▸ PROBLEM TO WORK ON
Although the data below contains pictures, please reproduce only its words, exactly.

▸ RECORDS SUPPLIED
--- START ---
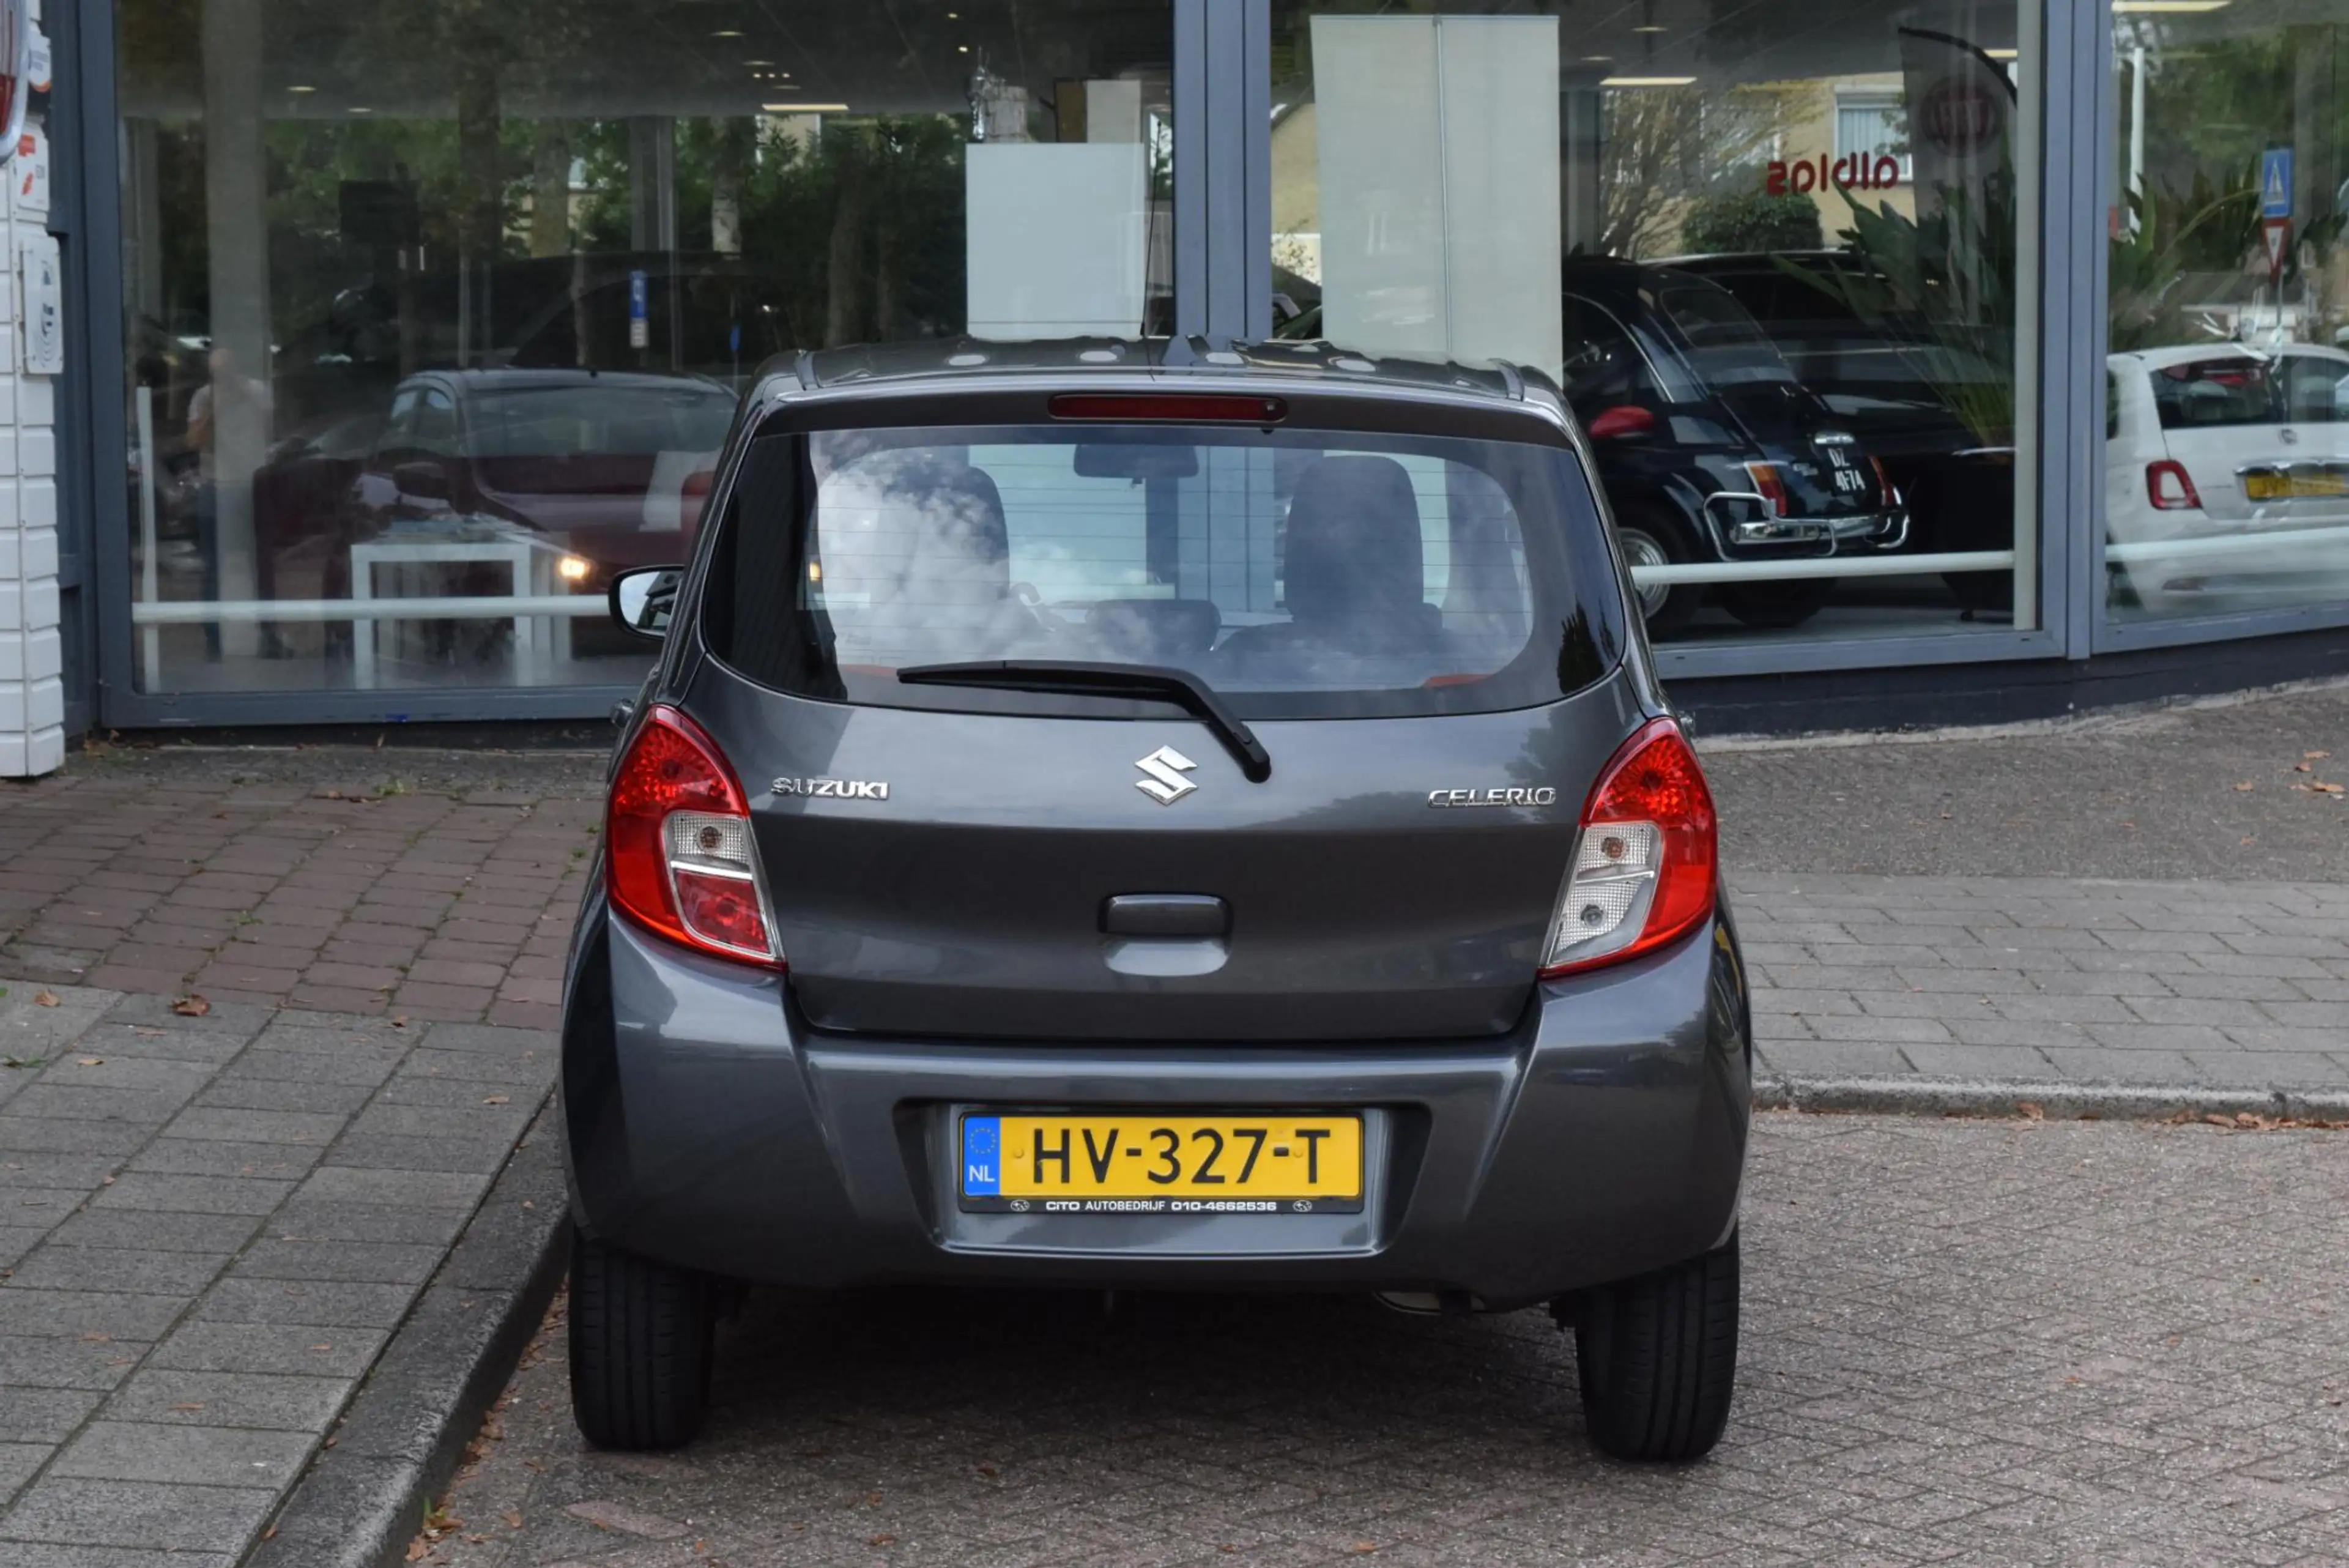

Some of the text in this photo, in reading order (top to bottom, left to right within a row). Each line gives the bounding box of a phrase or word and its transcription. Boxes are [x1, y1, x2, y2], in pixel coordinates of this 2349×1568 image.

[771, 777, 889, 800] SUZUKI
[1428, 787, 1557, 808] CELERIO
[1033, 1128, 1331, 1184] HV-327-T
[968, 1165, 995, 1183] NL
[1085, 1200, 1166, 1211] AUTOBEDRIJF
[1171, 1202, 1277, 1211] 010-4662536
--- END ---
▸ EXERCISE RESPONSE
Some of the text in this photo, in reading order (top to bottom, left to right within a row). Each line gives the bounding box of a phrase or word and its transcription. Boxes are [x1, y1, x2, y2], in pixel coordinates of this 2349×1568 image.

[771, 777, 889, 800] SUZUKI
[1428, 787, 1557, 808] CELERIO
[1033, 1128, 1331, 1184] HV-327-T
[968, 1165, 995, 1183] NL
[1085, 1200, 1166, 1211] AUTOBEDRIJF
[1171, 1202, 1277, 1211] 010-4662536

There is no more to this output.